Opera "lies" about its origins because many web sites check this info before deciding which set of pages they will be serving you and almost none know about Opera but plenty know about Netscape and MSIE.
Since Opera can display pages in the same fashion as either of these browsers, it is safe for it to be identified as one of them.
I use Konqueror and I am pretty certain it spoofs its identity, too.
If the pages being viewed are outside your intranet you are going to break your browser. Since you will no longer be "MSIE" or "Mozilla", your users are likely to get "Lynx". You WILL hear from them almost immediately! If you are unfamiliar with Lynx, grab a copy of this legacy software and see for yourself what your users are going to see ... there won't be any doubt in their mind but that you have broken their browsers!
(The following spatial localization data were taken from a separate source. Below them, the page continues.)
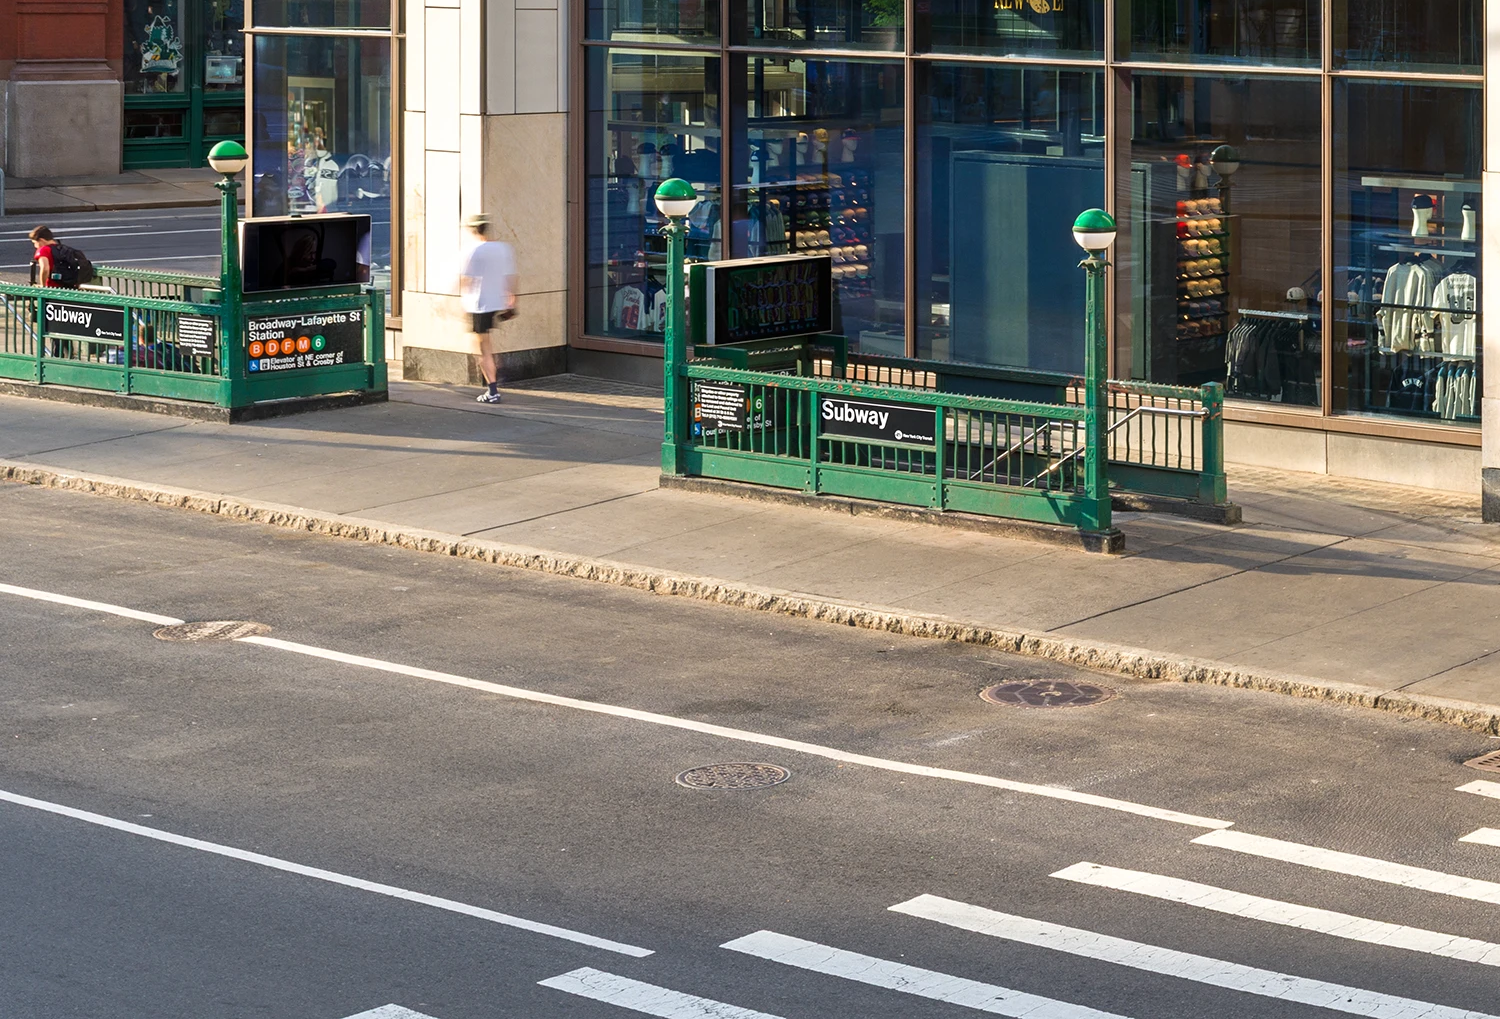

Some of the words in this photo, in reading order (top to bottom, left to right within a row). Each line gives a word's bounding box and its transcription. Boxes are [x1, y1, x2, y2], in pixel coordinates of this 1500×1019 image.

[45, 304, 92, 328] Subway
[248, 313, 346, 331] Broadway-Lafayette
[349, 311, 361, 322] St
[248, 329, 285, 342] Station
[270, 356, 295, 364] Elevator
[270, 361, 296, 370] Houston
[297, 360, 305, 368] St
[313, 358, 334, 366] Crosby
[755, 398, 762, 409] 6
[822, 400, 889, 430] Subway
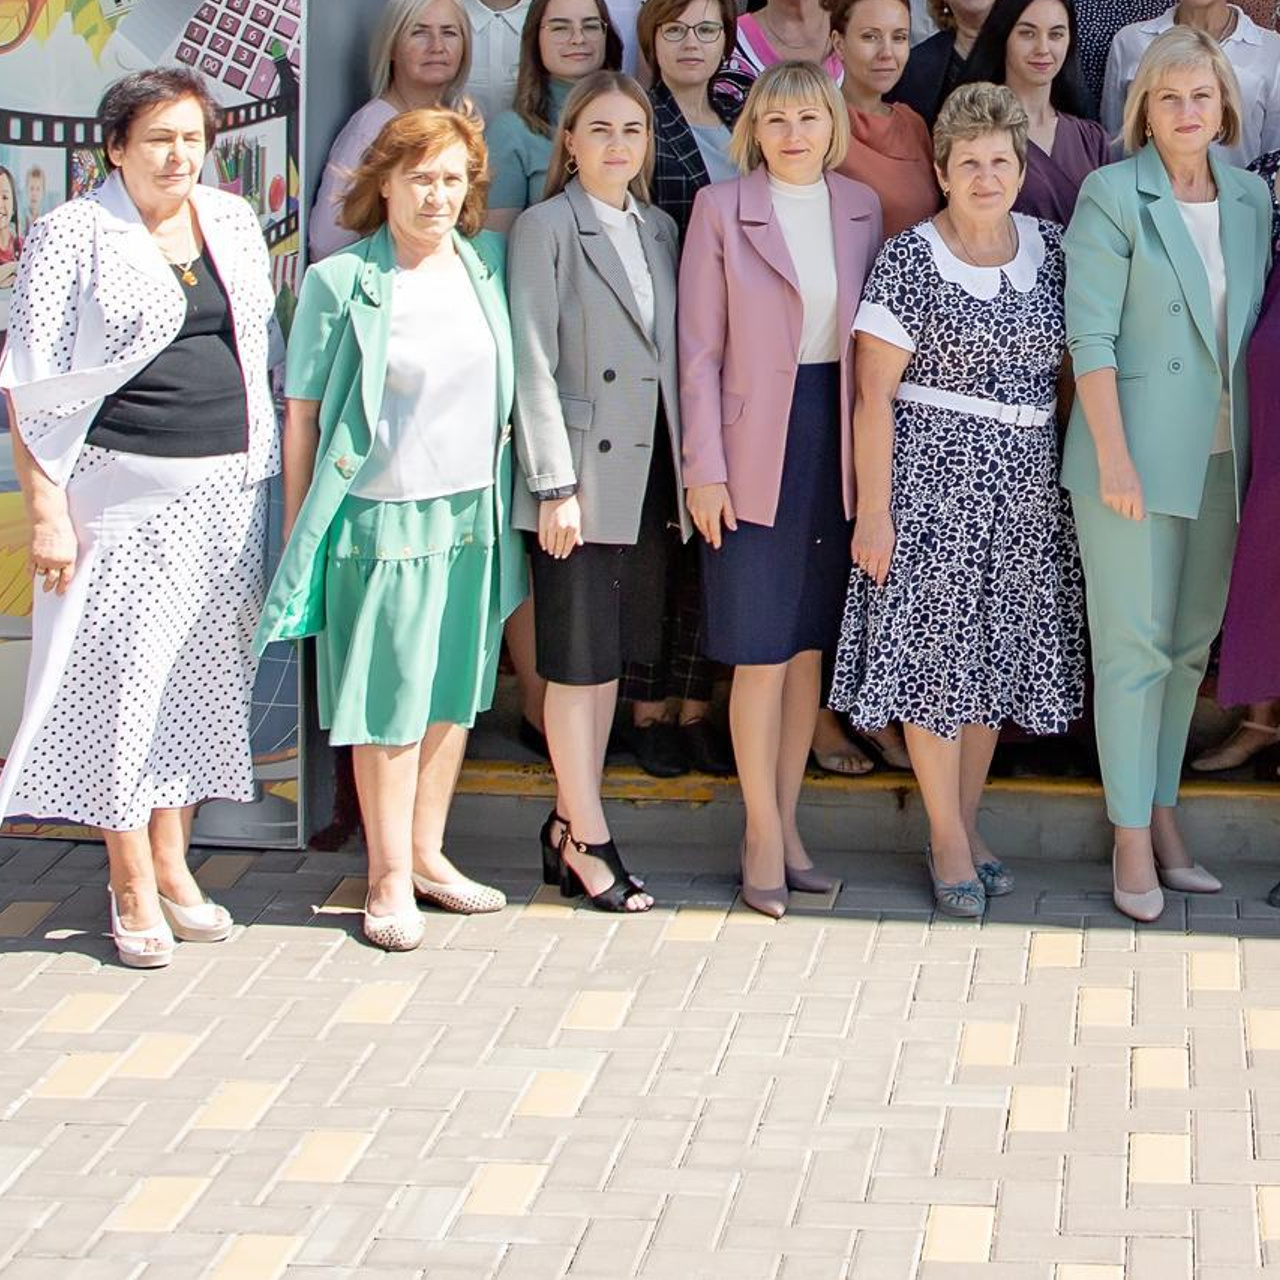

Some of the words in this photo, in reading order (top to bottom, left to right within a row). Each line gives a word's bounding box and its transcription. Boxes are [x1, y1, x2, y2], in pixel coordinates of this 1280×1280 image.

[258, 9, 267, 20] 9
[224, 18, 233, 29] 5
[249, 30, 257, 41] 6
[215, 38, 225, 50] 2
[240, 50, 249, 61] 3
You will get away with this only if all the pages being viewed are on your intranet and you can ensure that none of them rely on identifying the browser.
One of the other respondents suggested matching up addresses to names. That is the saner way to go here.
Then again, you could just trap their keystrokes and play them back later, too.Rich wrote:
Hi,
I remember hearing somewhere that it is possible to get a browser to pretend to be another browser, by altering the info which is sent through to the server.
Does anyone here know anything about this?
Is this something that could be done with IE5.
What I'd like to be able to do is monitor users from a specific area, within a network that goes through a proxy server.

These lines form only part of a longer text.